The evolution of oviposition behaviour in the bruchid Callosobruchus maculatus.

Callosobruchus beetles lay their eggs on beans and peas, where the larvae spend all of their pre-reproductive lives. Because survival and fecundity of offspring declines as larval competition increases, the decisions made by an ovipositing female have profound effects on her fitness. Natural selection will therefore favour females that distribute their eggs optimally. The present study uses this assumption to identify the key selection pressures acting on the evolution of clutch size in the bruchid Callosobruchus maculatus.
Chapter 1 provides background information on the study species, discusses the problems elaborated on in following chapters and describes some of the methods used.
In Chapter 2, functional models for oviposition behaviour are described in which assumptions about the major constraints on clutch size vary. It is concluded that whilst some models can be distinguished using qualitative criteria alone, others can only be separated after making quantitative predictions.
Chapter 3 tests some of these quantitative predictions and concludes that time is probably the major constraint on clutch size given that several other females will also lay on the same oviposition sites. However, temporal variation in clutch size, especially with respect to the female's phenotype, suggests that the number of eggs available to females may also constrain clutch size.
Chapter 4 examines the cues and rules used by ovipositing females to discriminate between seeds that differ in egg-load or weight.

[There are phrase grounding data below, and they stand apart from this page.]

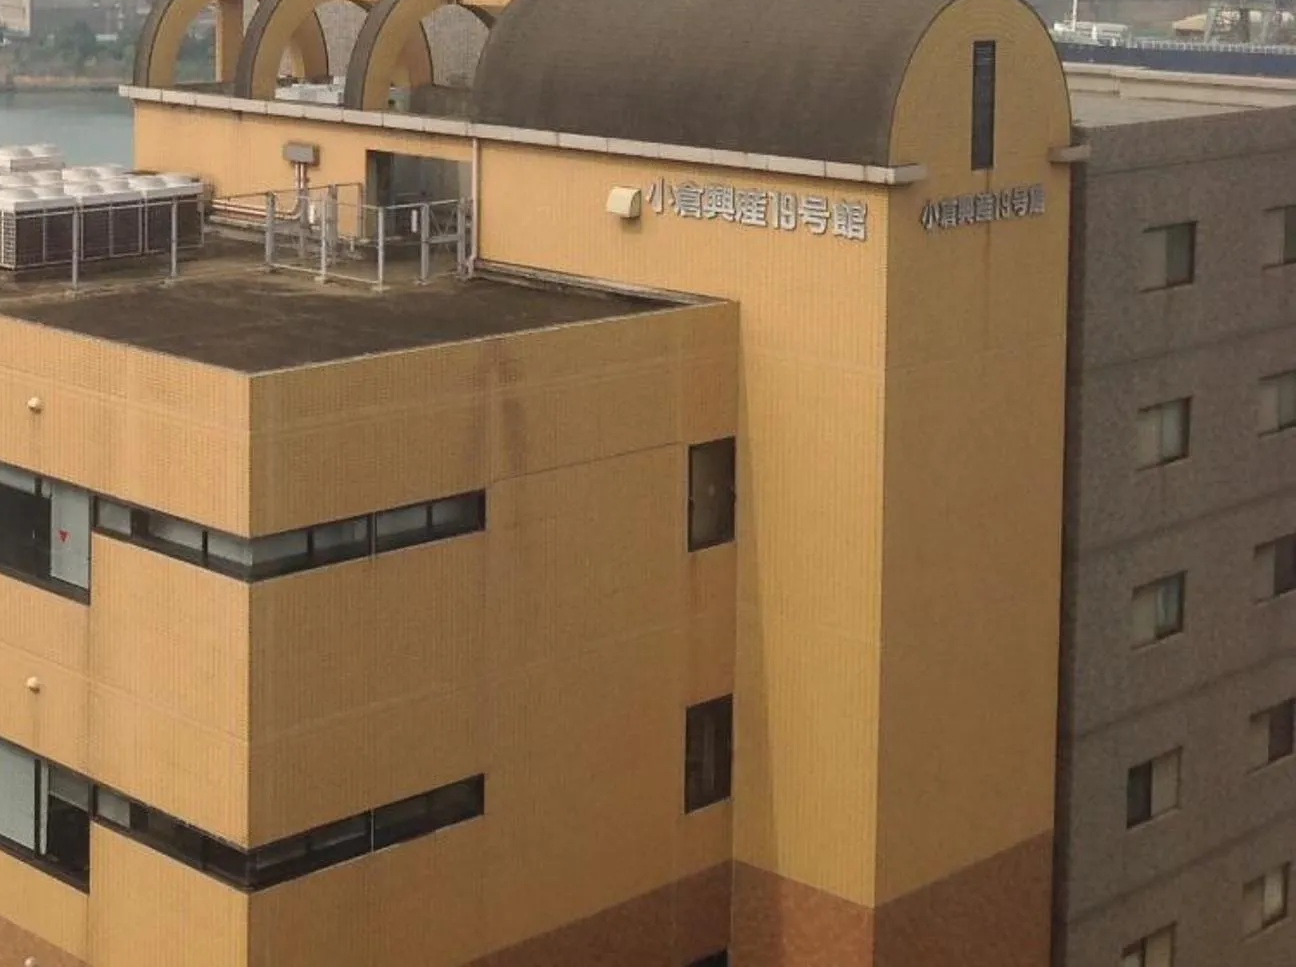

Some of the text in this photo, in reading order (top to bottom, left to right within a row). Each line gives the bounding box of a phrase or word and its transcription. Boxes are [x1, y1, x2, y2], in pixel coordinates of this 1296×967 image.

[645, 177, 867, 241] 小倉興産19号館
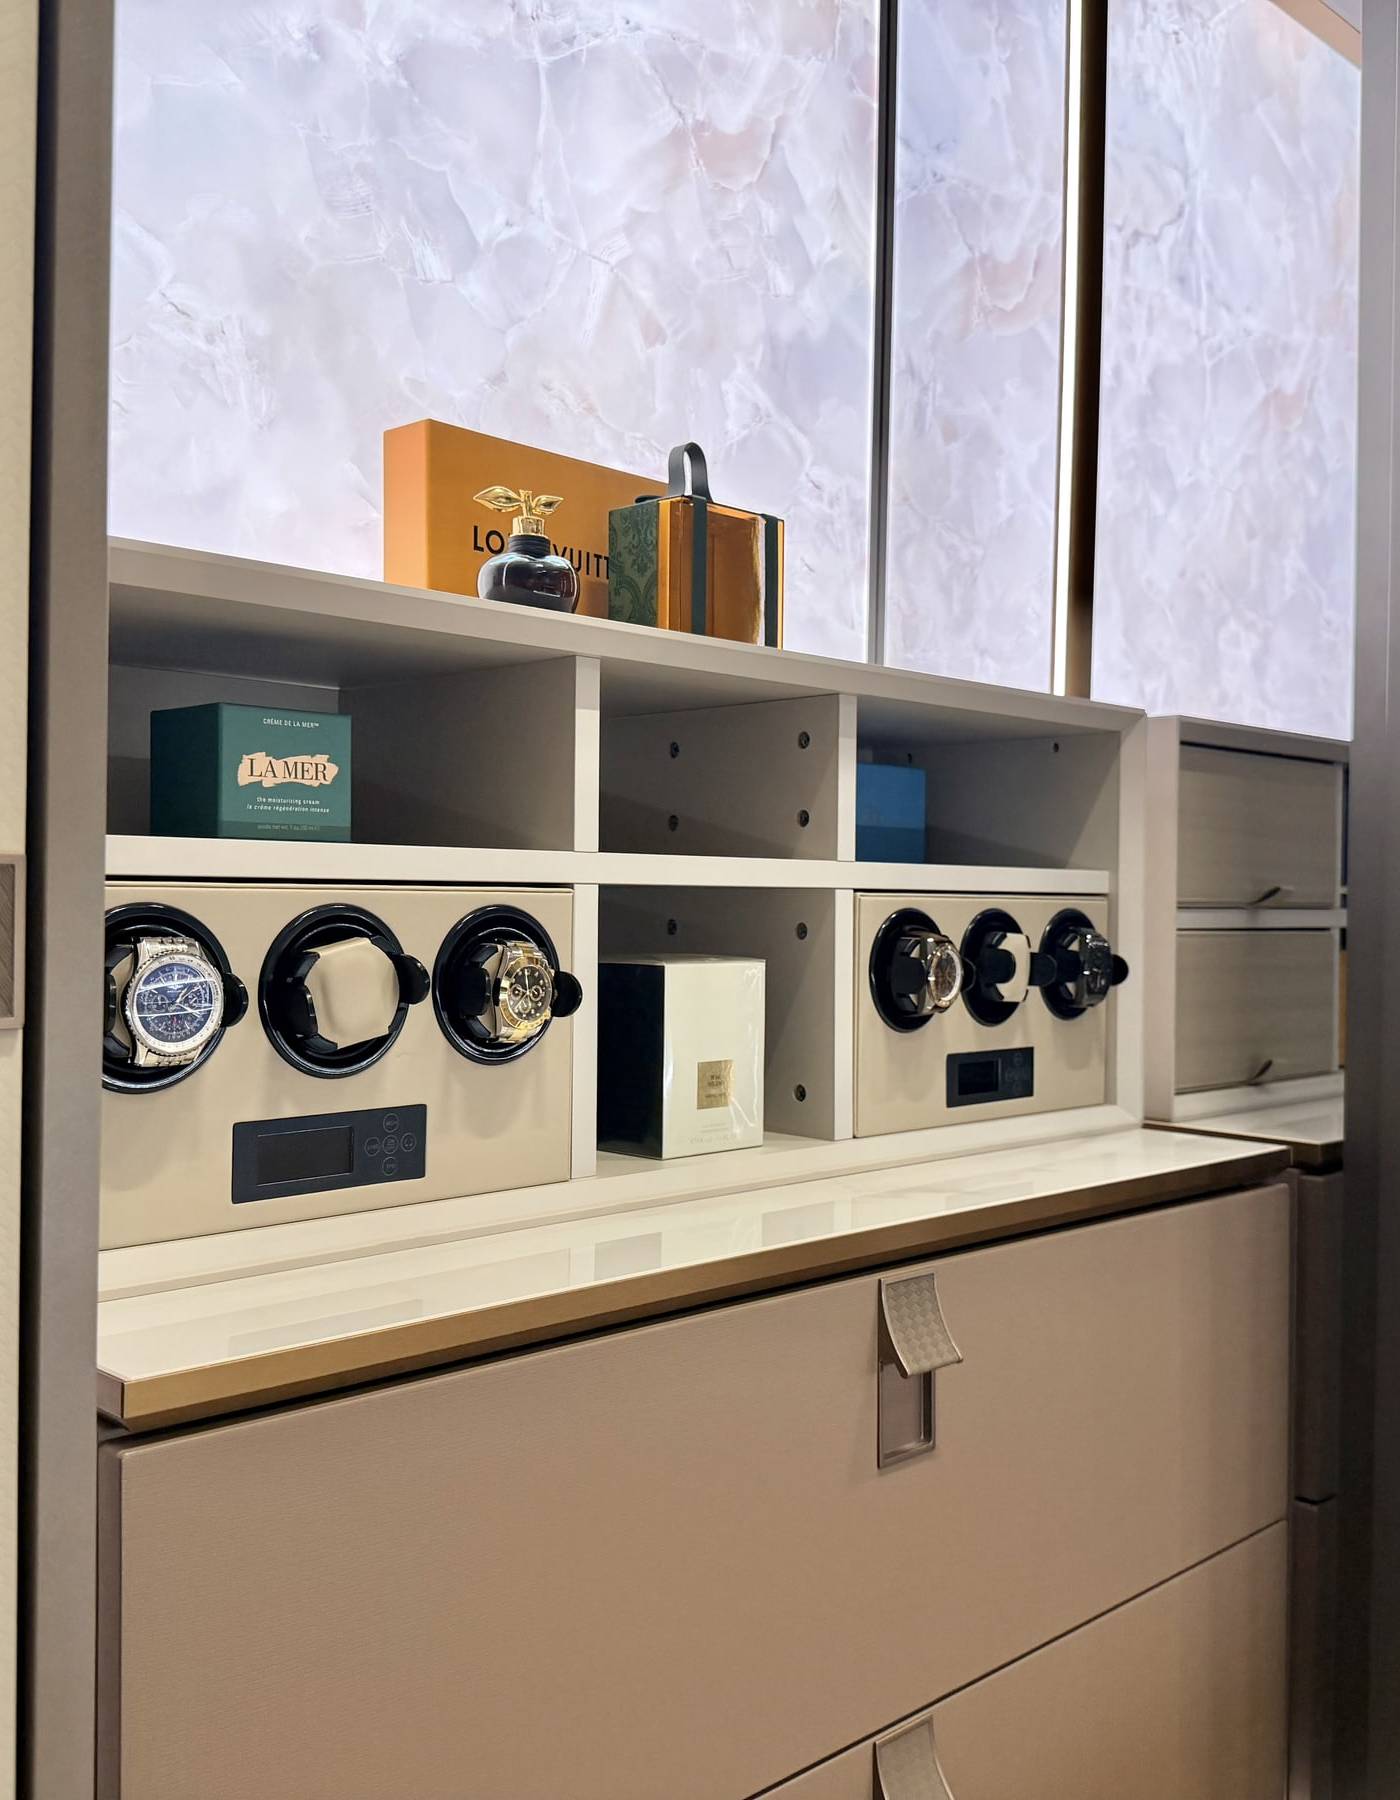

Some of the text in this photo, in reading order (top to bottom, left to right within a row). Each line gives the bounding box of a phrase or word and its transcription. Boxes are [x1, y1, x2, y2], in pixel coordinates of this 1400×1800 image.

[552, 543, 609, 580] VUITT
[283, 719, 292, 727] DE
[293, 720, 301, 728] LA
[247, 757, 329, 782] LA MER
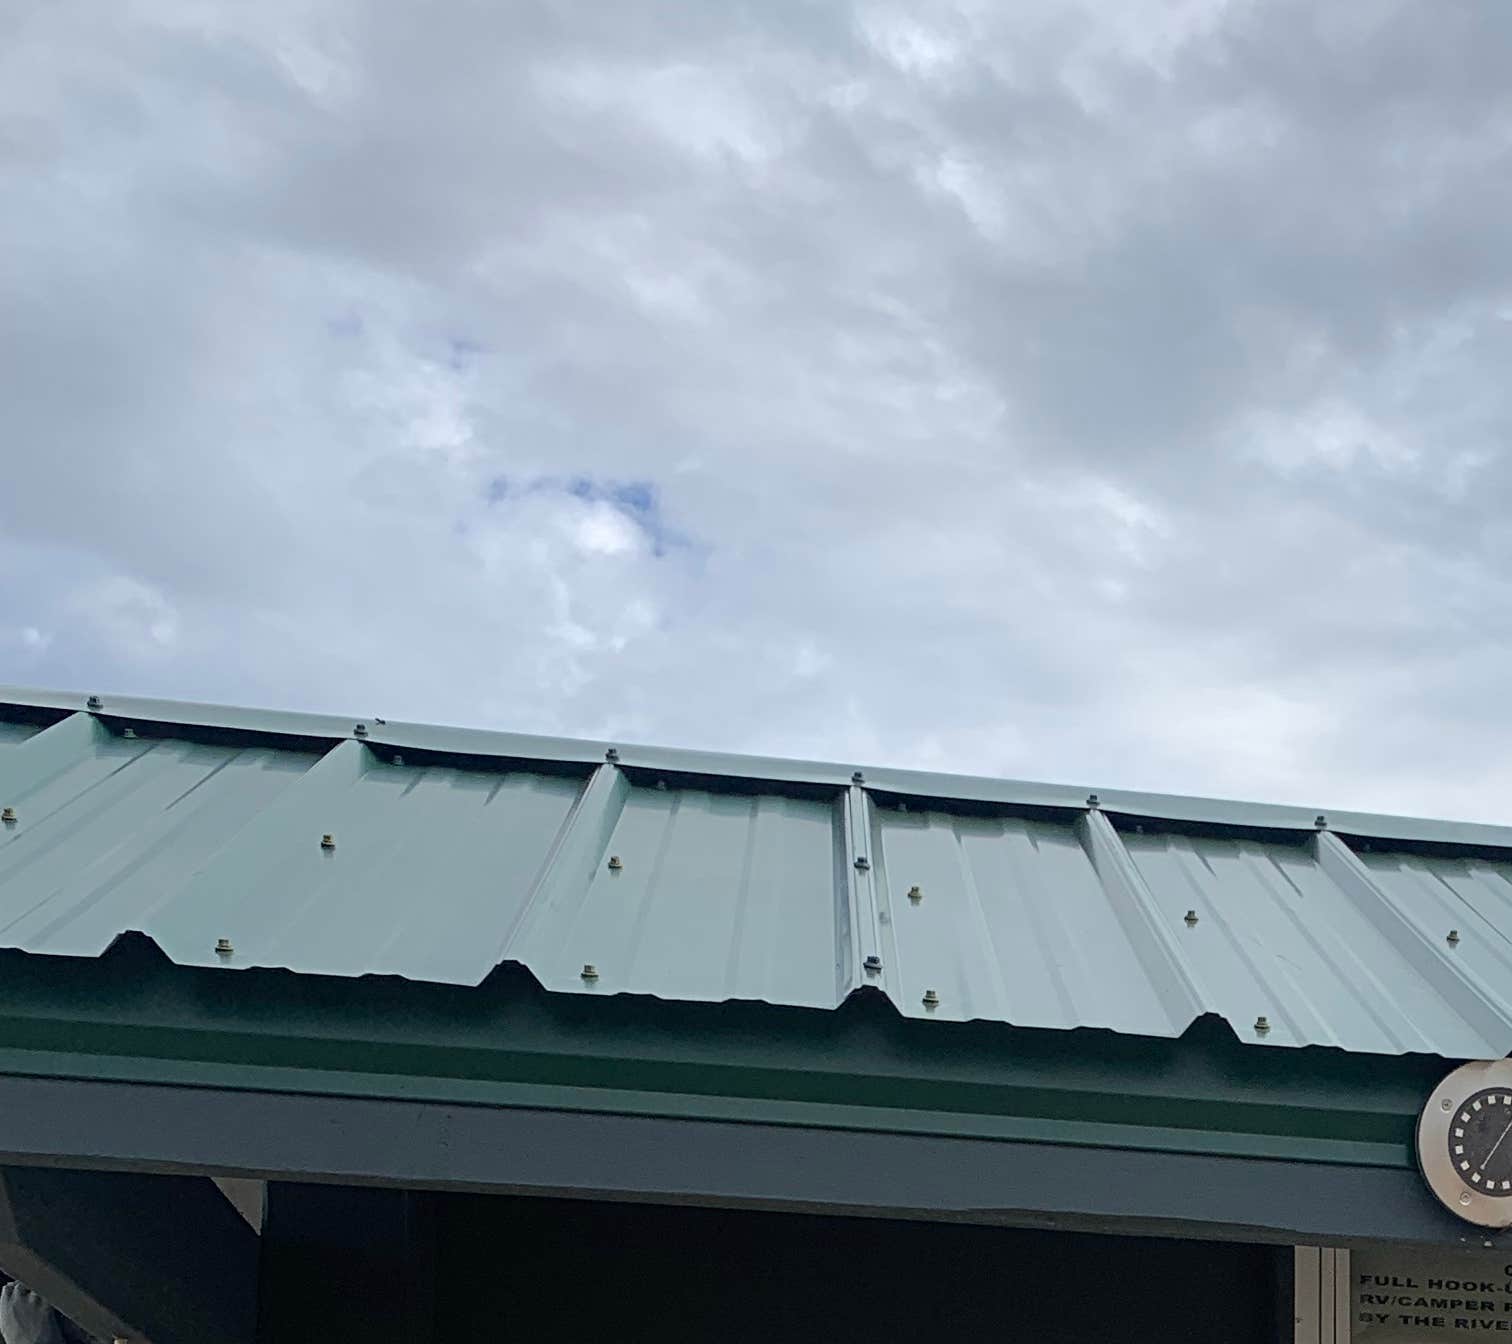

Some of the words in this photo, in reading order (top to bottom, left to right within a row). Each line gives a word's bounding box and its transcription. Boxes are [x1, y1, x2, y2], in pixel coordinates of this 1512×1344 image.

[1359, 1274, 1419, 1289] FULL
[1359, 1294, 1496, 1312] RV/CAMPER
[1358, 1313, 1390, 1324] BY
[1398, 1315, 1445, 1328] THE
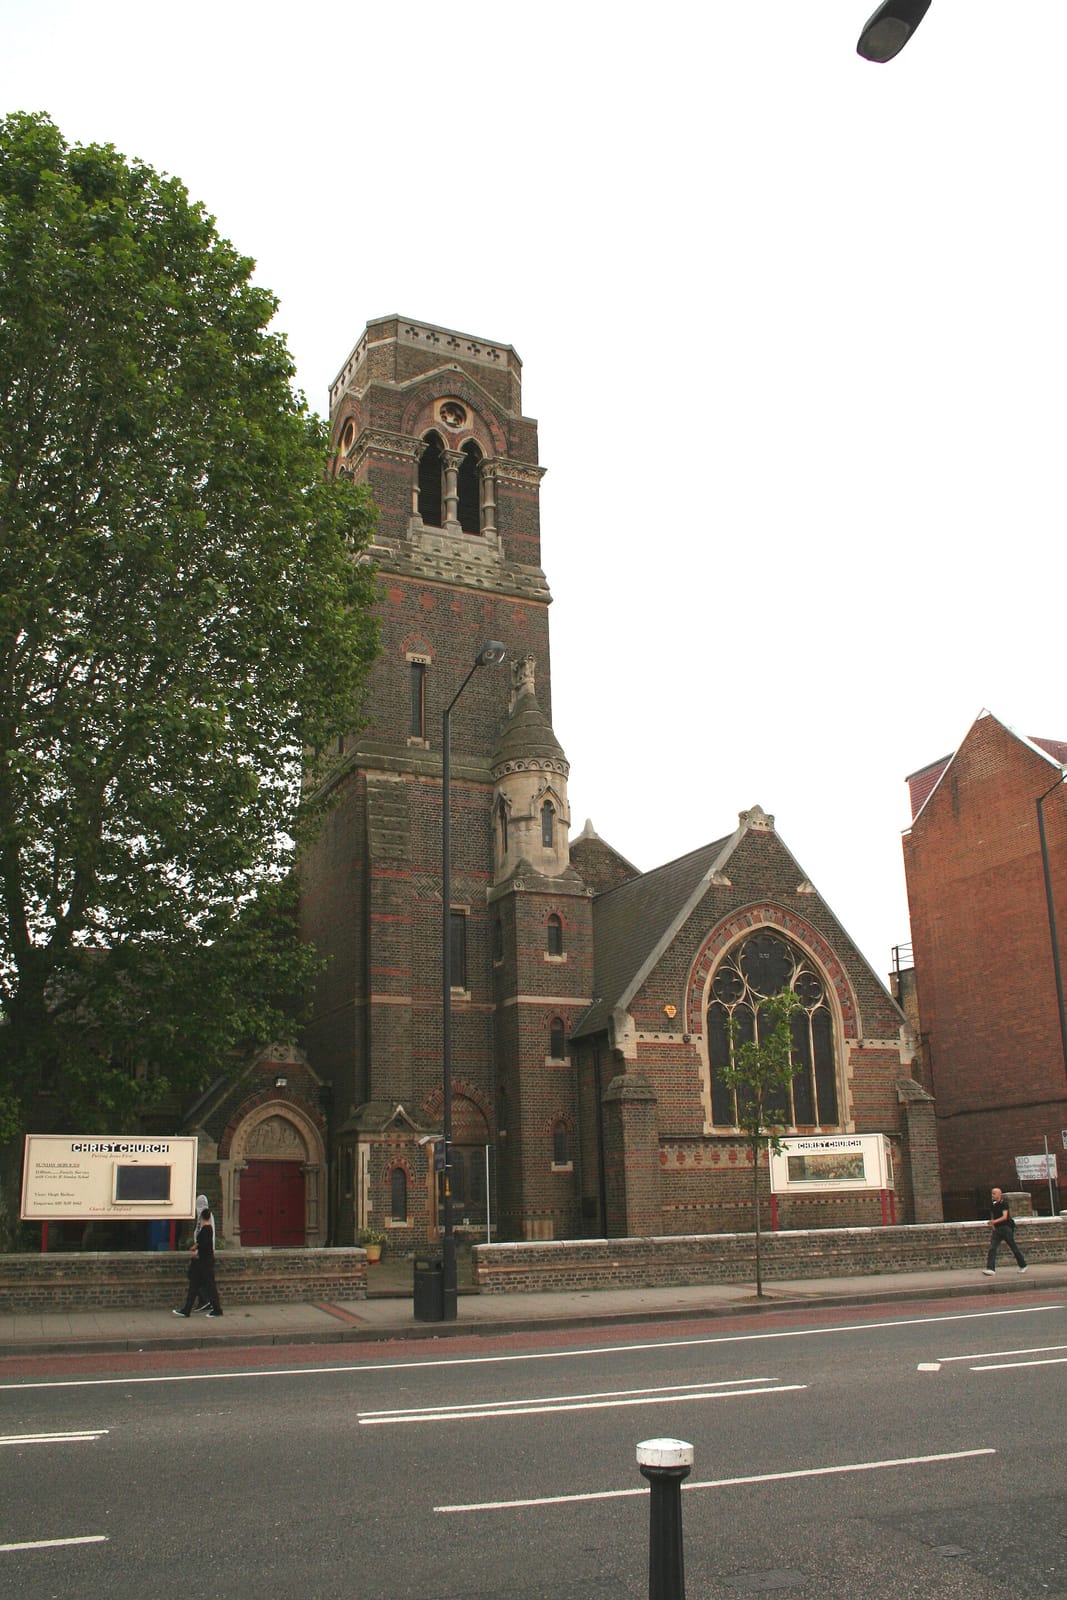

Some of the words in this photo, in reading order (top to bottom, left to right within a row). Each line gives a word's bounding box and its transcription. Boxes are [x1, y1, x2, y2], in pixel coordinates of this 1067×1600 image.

It concludes that females use the surface area of a seed as a cue to its weight and that a common mechanism may be used to distinguish between seeds that differ in egg-load or weight.
Chapter 5 examines possible physiological constraints on clutch size. The rate of egg maturation and the egg-storing capacity (ESC) of the female may be important constraints when seeds are encountered at high rates.
In Chapter 6, these physiological constraints are incorporated into mechanistic models for clutch size determination. In these models, clutch size is determined by the interaction between external cues, such as those identified in Chapter 4, and external cues, implicated in Chapter 5. Models that include physiological parameters explain significantly more of the variance in clutch size than models that include only external cues. Egg-complement relative to ESC appears to be an important factor determining clutch size in this species.
Chapter 7 discusses some of the general conclusions of the study.